Data to process START

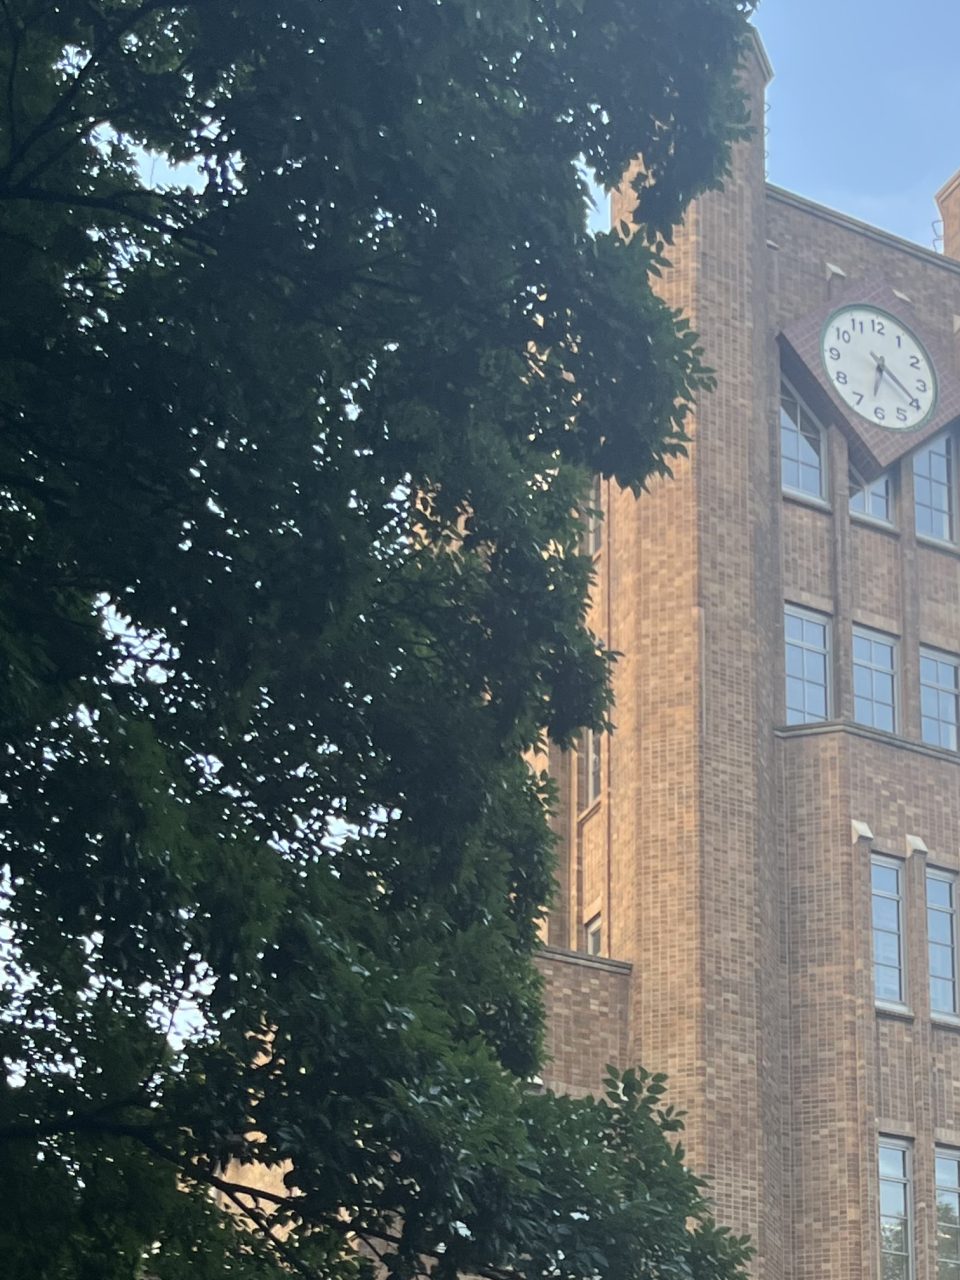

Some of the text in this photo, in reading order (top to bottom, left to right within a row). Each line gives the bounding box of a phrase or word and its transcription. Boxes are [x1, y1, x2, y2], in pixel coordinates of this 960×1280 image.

[851, 318, 864, 334] 11
[871, 319, 885, 336] 12
[836, 327, 851, 344] 10
[896, 335, 901, 348] 1
[829, 347, 841, 361] 9
[909, 355, 920, 370] 2
[836, 371, 848, 385] 8
[916, 379, 927, 393] 3
[852, 391, 864, 406] 7
[909, 398, 921, 411] 4
[874, 407, 885, 421] 6
[896, 407, 907, 422] 5

Data to process END

◆ **What is needed**: Repeat each of the entries above exactly, but do not carry over the pictures.

◆ **Solution for this problem**:
Some of the text in this photo, in reading order (top to bottom, left to right within a row). Each line gives the bounding box of a phrase or word and its transcription. Boxes are [x1, y1, x2, y2], in pixel coordinates of this 960×1280 image.

[851, 318, 864, 334] 11
[871, 319, 885, 336] 12
[836, 327, 851, 344] 10
[896, 335, 901, 348] 1
[829, 347, 841, 361] 9
[909, 355, 920, 370] 2
[836, 371, 848, 385] 8
[916, 379, 927, 393] 3
[852, 391, 864, 406] 7
[909, 398, 921, 411] 4
[874, 407, 885, 421] 6
[896, 407, 907, 422] 5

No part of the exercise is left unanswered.